Results at 100 GB (Scale Factor 6849)
| Service | TPS | Avg Latency (ms) | P95 (ms) | P99 (ms) |
|---|---|---|---|---|
| ClickHouse Small | 6172 | 41.46 | 64.02 | 80.89 |
| ClickHouse Large | 28668 | 8.90 | 10.23 | 11.68 |
| Aurora Small | 2685 | 95.29 | 165.54 | 298.39 |
| Aurora Large | 12628 | 20.24 | 30.97 | 39.04 |
| RDS Small | 4882 | 52.41 | 98.00 | 124.19 |
| RDS Large | 8133 | 31.43 | 72.50 | 97.68 |
| Neon Small | 2847 | 89.90 | 106.14 | 116.47 |
| Neon Large | 8563 | 29.83 | 41.42 | 49.21 |
| Crunchy Small | 6338 | 40.37 | 66.10 | 85.83 |
| Crunchy Large | 14790 | 17.26 | 28.32 | 34.61 |
Results at 500 GB (Scale Factor 34247)
| Service | TPS | Avg Latency (ms) | P95 (ms) | P99 (ms) |
|---|---|---|---|---|
| ClickHouse Large | 26328 | 9.70 | 11.40 | 13.19 |
| Aurora Large | 10402 | 24.58 | 36.17 | 46.49 |
| RDS Large | 5092 | 50.23 | 88.65 | 117.90 |
| Neon Large | 7802 | 32.80 | 47.53 | 56.30 |
| Crunchy Large | 11113 | 22.99 | 36.40 | 41.68 |
Why NVMe Matters
The TPC-B workload is write-heavy due to continuous UPDATEs generating WAL records. ClickHouse's NVMe storage is physically co-located with compute, delivering microsecond disk latency. In contrast, EBS-backed volumes add network latency to every fsync. The article states: "Most of the time, Postgres isn’t slow, your storage is."
How to Reproduce
Clone the repository and run:
export PGHOST="your-database-host"
export PGPORT=5432
export PGUSER="postgres"
export PGPASSWORD="your-password"
export PGDATABASE="postgres"
export VCPUS=16
export RAM_GB=64
export SYSTEM_NAME="Postgres by ClickHouse"

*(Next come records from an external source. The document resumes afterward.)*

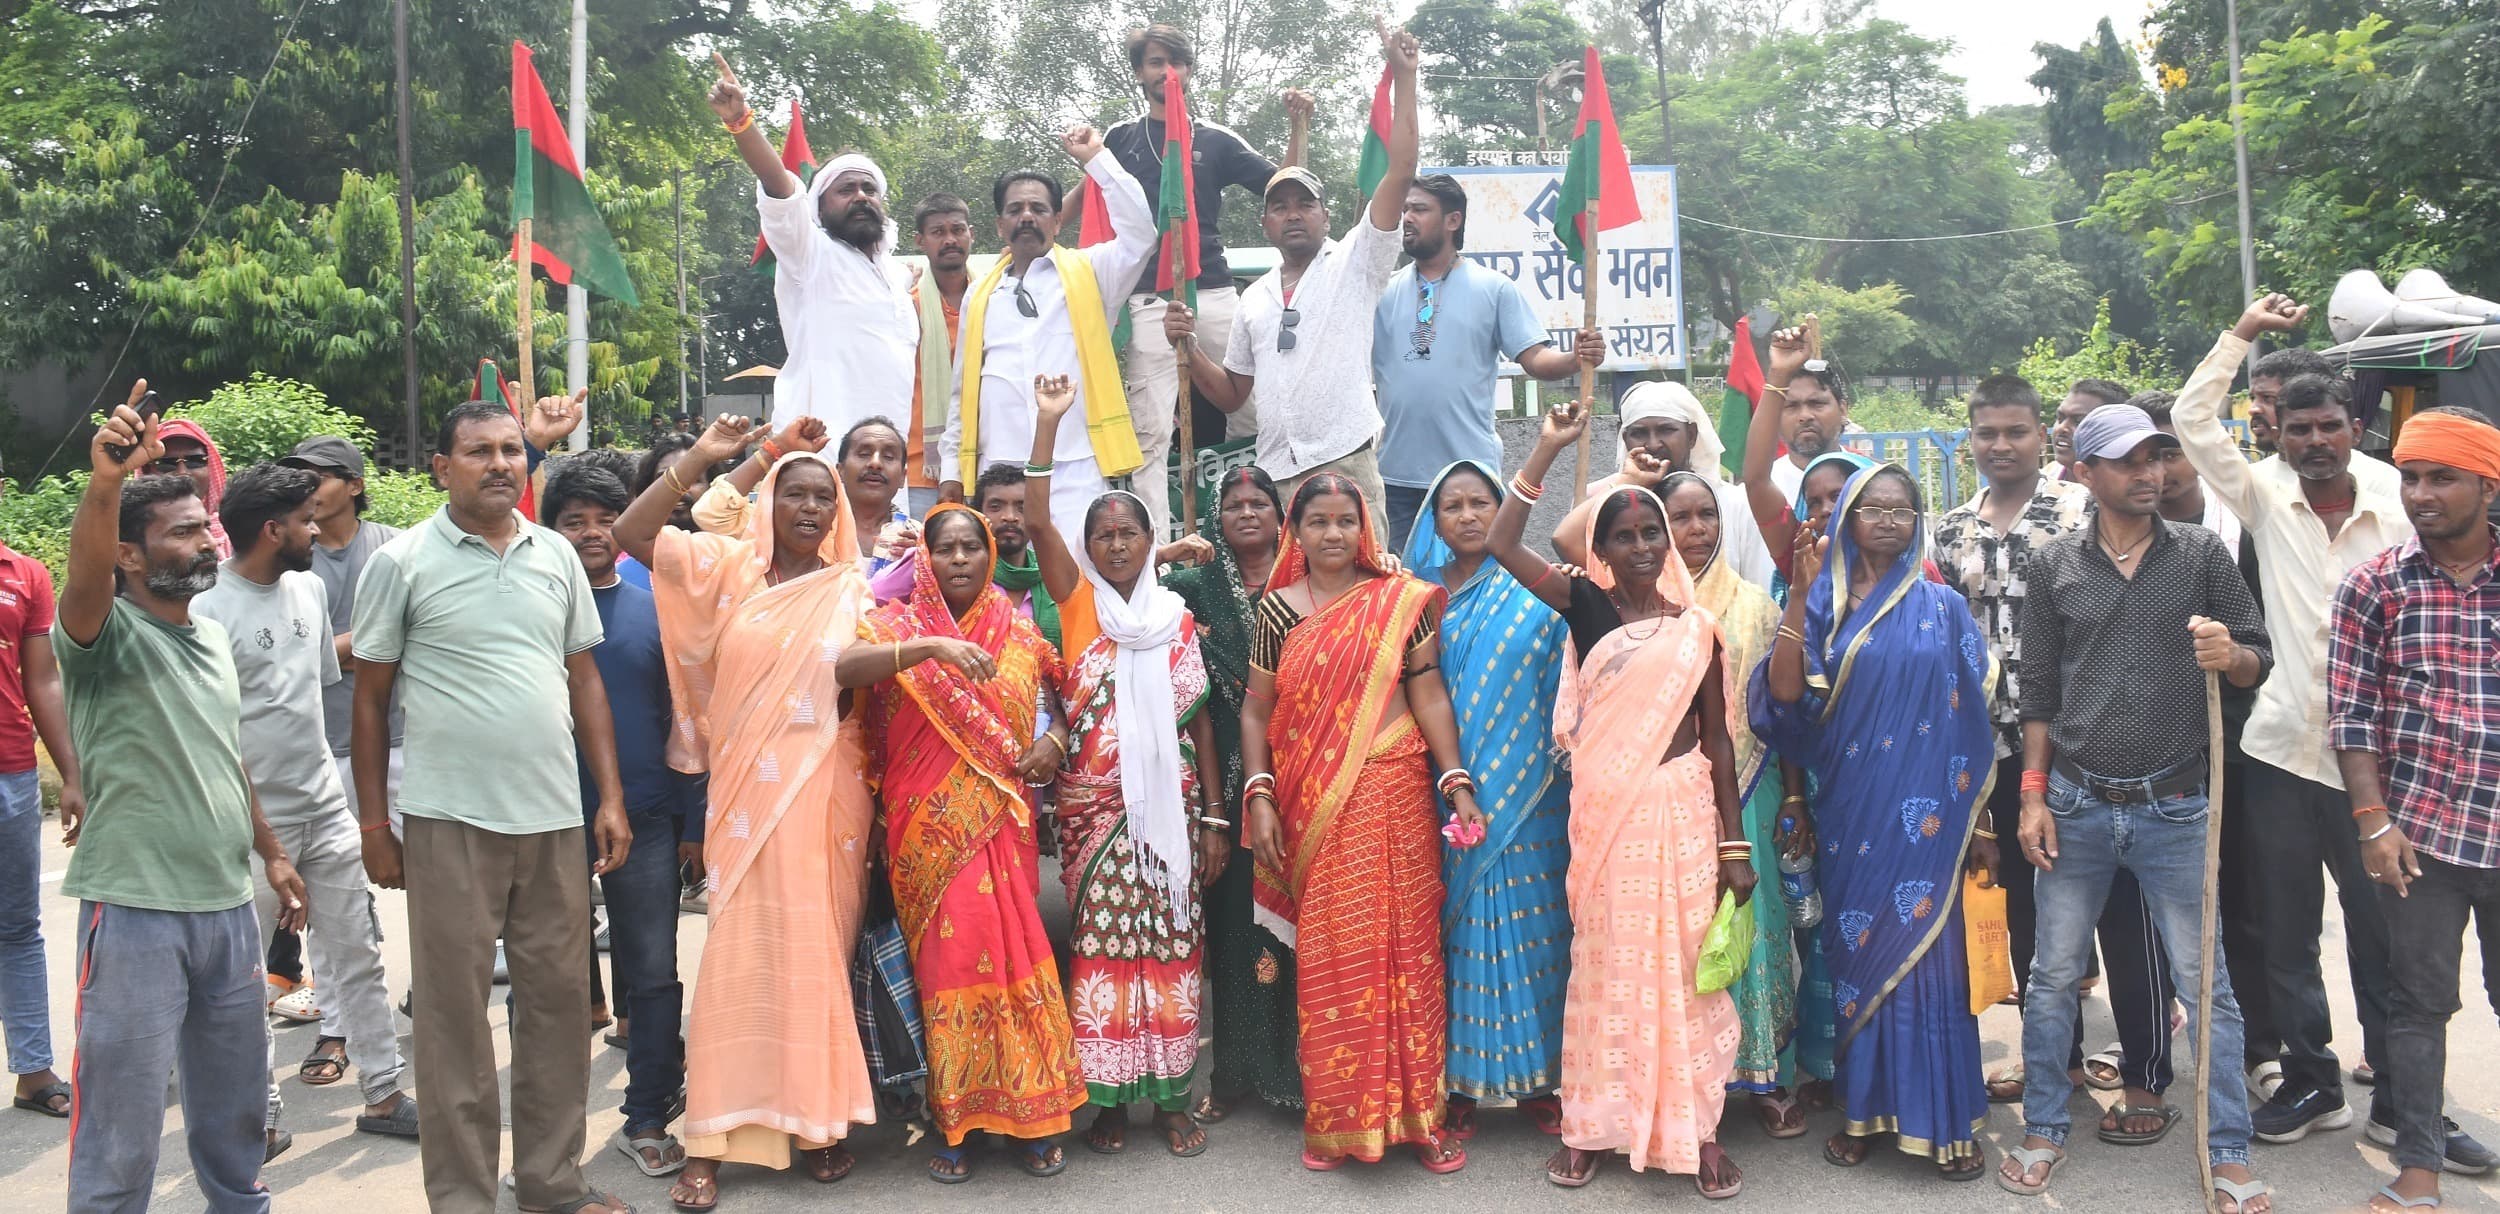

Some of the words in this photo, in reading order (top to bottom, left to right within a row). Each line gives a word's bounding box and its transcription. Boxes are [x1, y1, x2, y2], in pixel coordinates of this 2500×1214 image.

[1515, 151, 1537, 166] का
[1533, 241, 1600, 300] सेव
[1608, 247, 1673, 299] भवन
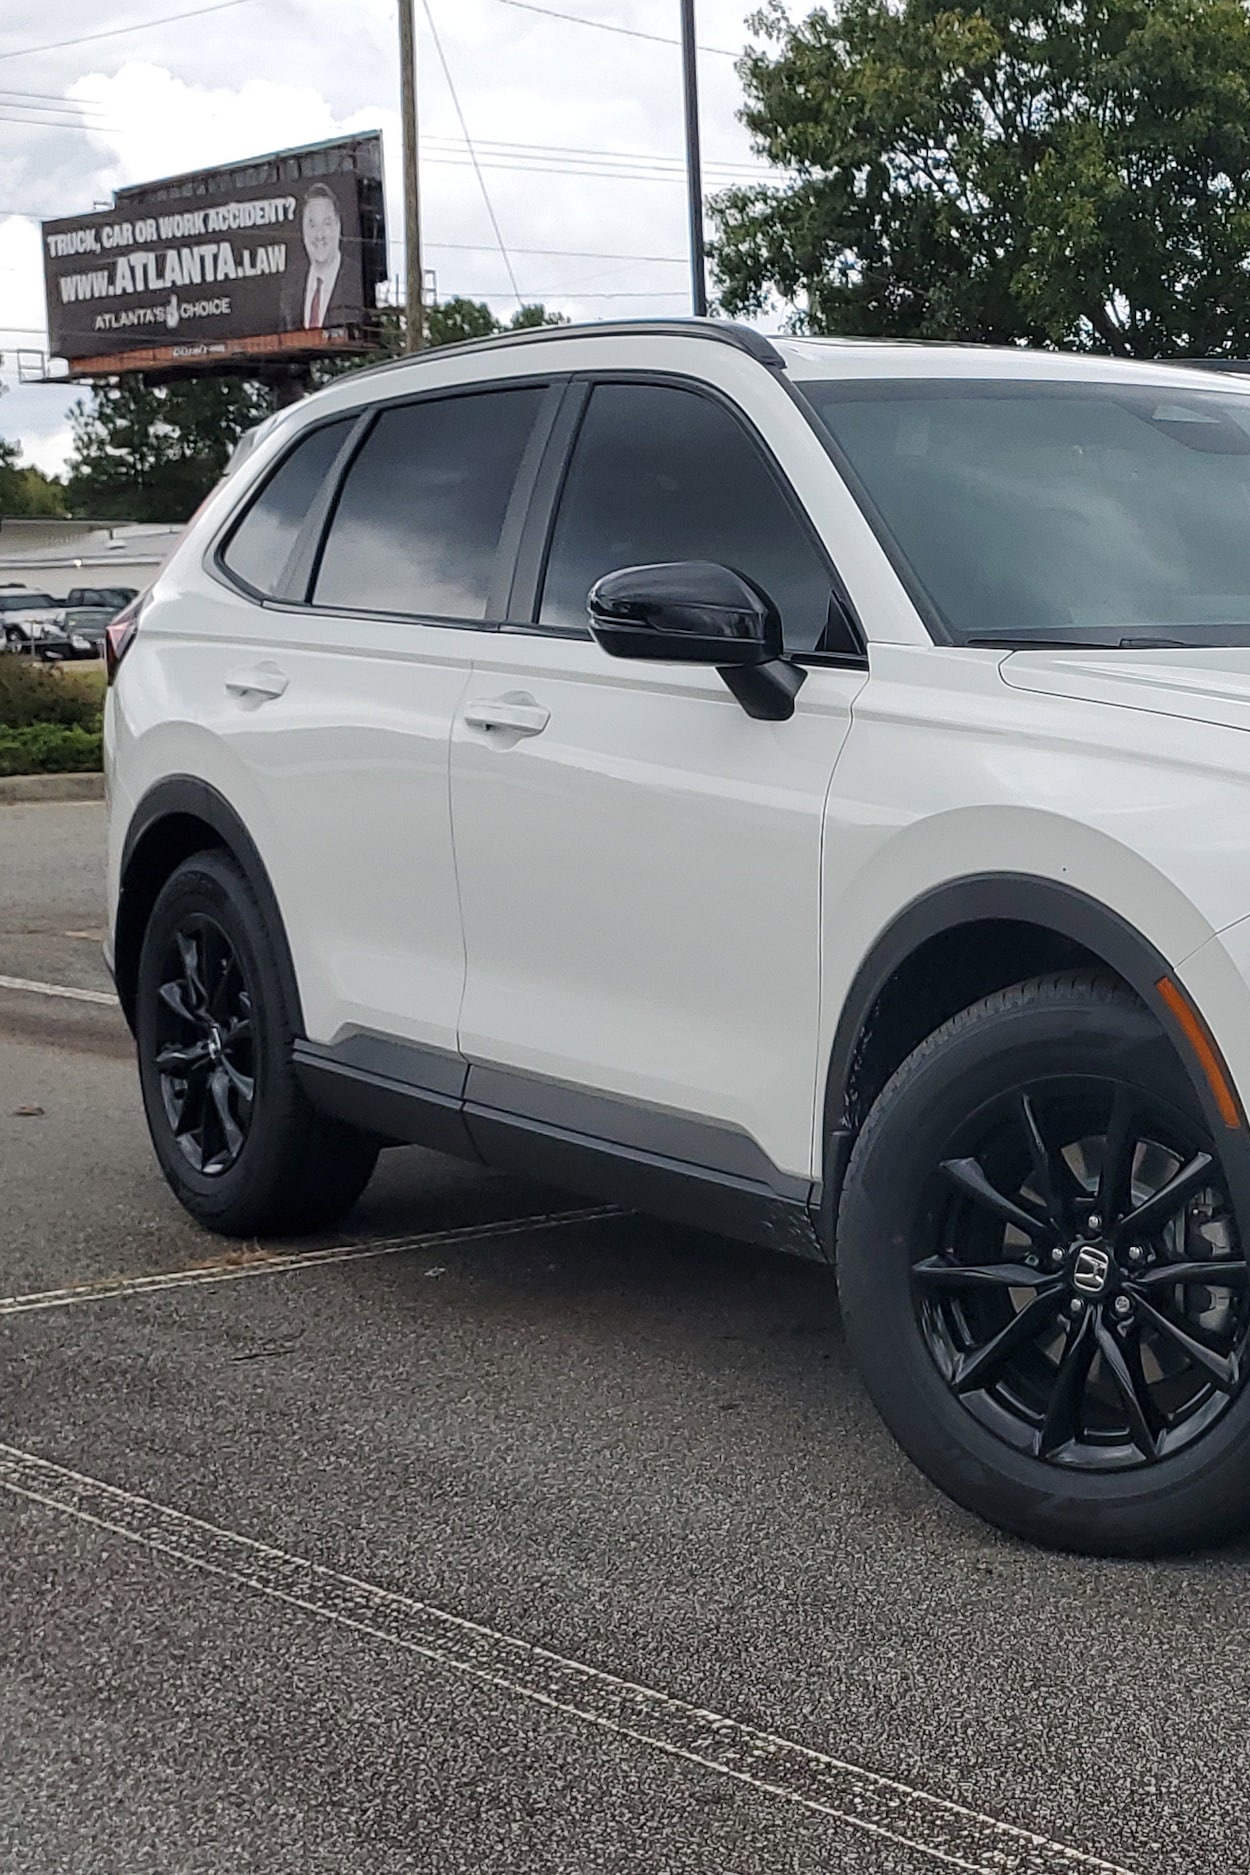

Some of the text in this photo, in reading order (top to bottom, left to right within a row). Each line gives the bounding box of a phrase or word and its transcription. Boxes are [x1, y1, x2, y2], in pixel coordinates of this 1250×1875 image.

[47, 196, 297, 258] TRUCK, CAR OR WORK ACCIDENT?
[94, 298, 232, 330] ATLANTA'S CHOICE
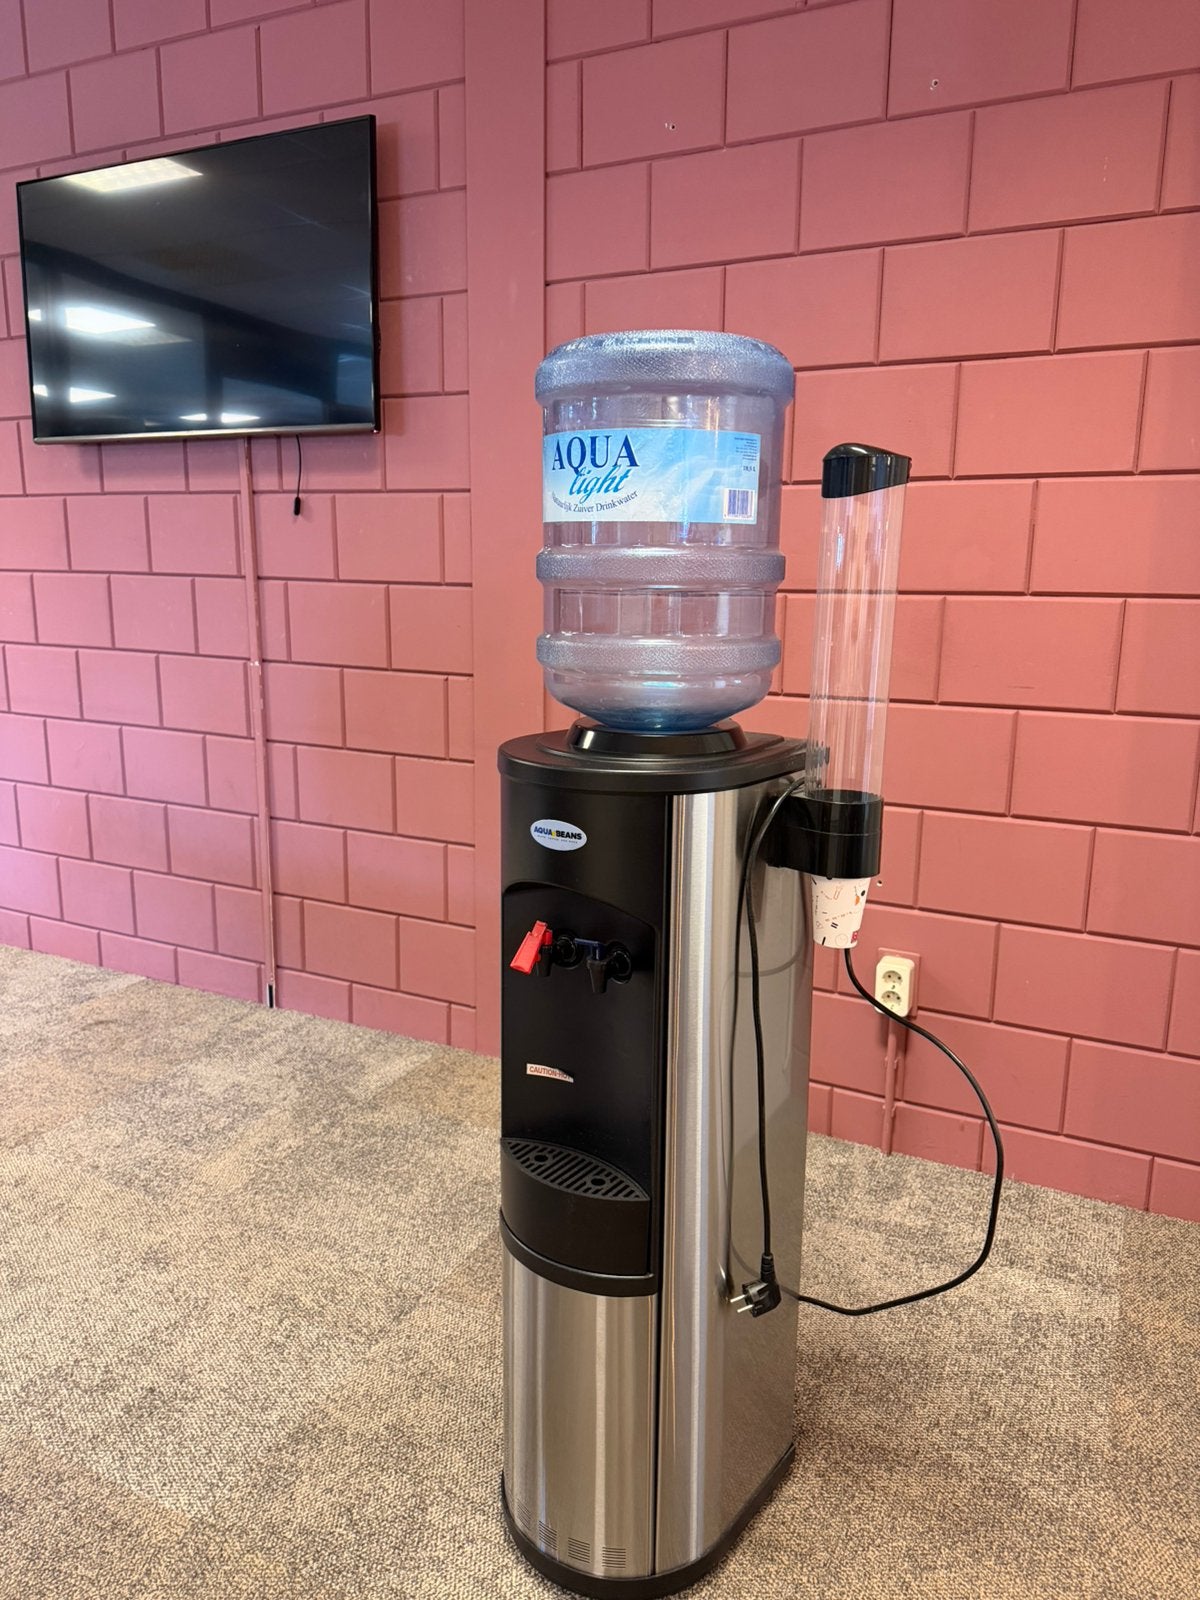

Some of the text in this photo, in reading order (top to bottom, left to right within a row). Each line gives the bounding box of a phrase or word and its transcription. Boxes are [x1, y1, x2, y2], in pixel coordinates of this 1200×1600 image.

[552, 435, 640, 475] AQUA
[569, 465, 632, 504] light
[573, 503, 595, 513] Zuiver
[595, 490, 638, 512] Drinkwater
[534, 826, 552, 836] AQUA
[556, 830, 582, 840] BEANS

export INSTANCE_TYPE="m8gd.4xlarge"
export INSTANCE_STORAGE="950 GB - NVMe"
export PRIMARY_STORAGE="NVMe"
export OUT_JSON="results.json"
./run.sh
The script initializes data, runs the benchmark three times, and outputs JSON. Submit results via PR.
What's Next
- Pricing comparisons are not included (ClickHouse's service wasn't public at test time).
- Future plans: HA configurations, custom Postgres configs, and colocation by availability zone.
- Contributions welcome to expand the benchmark.